Text-to-region grounding data:
-- Opening Marker --

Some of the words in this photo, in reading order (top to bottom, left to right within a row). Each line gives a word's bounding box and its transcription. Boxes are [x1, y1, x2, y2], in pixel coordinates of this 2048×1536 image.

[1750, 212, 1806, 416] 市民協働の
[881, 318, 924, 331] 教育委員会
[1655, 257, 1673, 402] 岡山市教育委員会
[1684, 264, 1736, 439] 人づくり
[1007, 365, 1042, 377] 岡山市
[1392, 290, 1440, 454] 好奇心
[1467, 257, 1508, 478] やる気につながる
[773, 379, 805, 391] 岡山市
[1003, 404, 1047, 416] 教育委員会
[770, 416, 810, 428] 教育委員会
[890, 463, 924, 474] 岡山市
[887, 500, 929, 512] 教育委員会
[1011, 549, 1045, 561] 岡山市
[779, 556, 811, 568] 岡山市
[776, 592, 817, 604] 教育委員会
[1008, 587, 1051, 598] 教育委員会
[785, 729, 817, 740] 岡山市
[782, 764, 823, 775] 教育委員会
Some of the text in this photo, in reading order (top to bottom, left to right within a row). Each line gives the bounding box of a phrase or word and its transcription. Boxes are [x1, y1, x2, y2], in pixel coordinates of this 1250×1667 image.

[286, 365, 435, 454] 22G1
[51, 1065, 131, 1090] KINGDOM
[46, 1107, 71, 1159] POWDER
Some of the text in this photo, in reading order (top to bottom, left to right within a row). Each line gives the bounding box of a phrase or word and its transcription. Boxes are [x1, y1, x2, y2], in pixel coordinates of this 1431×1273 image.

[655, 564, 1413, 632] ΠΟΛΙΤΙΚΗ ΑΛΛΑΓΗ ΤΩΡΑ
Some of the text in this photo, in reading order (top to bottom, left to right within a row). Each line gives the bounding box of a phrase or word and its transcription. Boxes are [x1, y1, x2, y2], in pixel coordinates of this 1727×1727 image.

-- Closing Marker --

Return the full data above, line for line.

_Task solution_
Some of the words in this photo, in reading order (top to bottom, left to right within a row). Each line gives a word's bounding box and its transcription. Boxes are [x1, y1, x2, y2], in pixel coordinates of this 2048×1536 image.

[1750, 212, 1806, 416] 市民協働の
[881, 318, 924, 331] 教育委員会
[1655, 257, 1673, 402] 岡山市教育委員会
[1684, 264, 1736, 439] 人づくり
[1007, 365, 1042, 377] 岡山市
[1392, 290, 1440, 454] 好奇心
[1467, 257, 1508, 478] やる気につながる
[773, 379, 805, 391] 岡山市
[1003, 404, 1047, 416] 教育委員会
[770, 416, 810, 428] 教育委員会
[890, 463, 924, 474] 岡山市
[887, 500, 929, 512] 教育委員会
[1011, 549, 1045, 561] 岡山市
[779, 556, 811, 568] 岡山市
[776, 592, 817, 604] 教育委員会
[1008, 587, 1051, 598] 教育委員会
[785, 729, 817, 740] 岡山市
[782, 764, 823, 775] 教育委員会
Some of the text in this photo, in reading order (top to bottom, left to right within a row). Each line gives the bounding box of a phrase or word and its transcription. Boxes are [x1, y1, x2, y2], in pixel coordinates of this 1250×1667 image.

[286, 365, 435, 454] 22G1
[51, 1065, 131, 1090] KINGDOM
[46, 1107, 71, 1159] POWDER
Some of the text in this photo, in reading order (top to bottom, left to right within a row). Each line gives the bounding box of a phrase or word and its transcription. Boxes are [x1, y1, x2, y2], in pixel coordinates of this 1431×1273 image.

[655, 564, 1413, 632] ΠΟΛΙΤΙΚΗ ΑΛΛΑΓΗ ΤΩΡΑ
Some of the text in this photo, in reading order (top to bottom, left to right within a row). Each line gives the bounding box of a phrase or word and its transcription. Boxes are [x1, y1, x2, y2], in pixel coordinates of this 1727×1727 image.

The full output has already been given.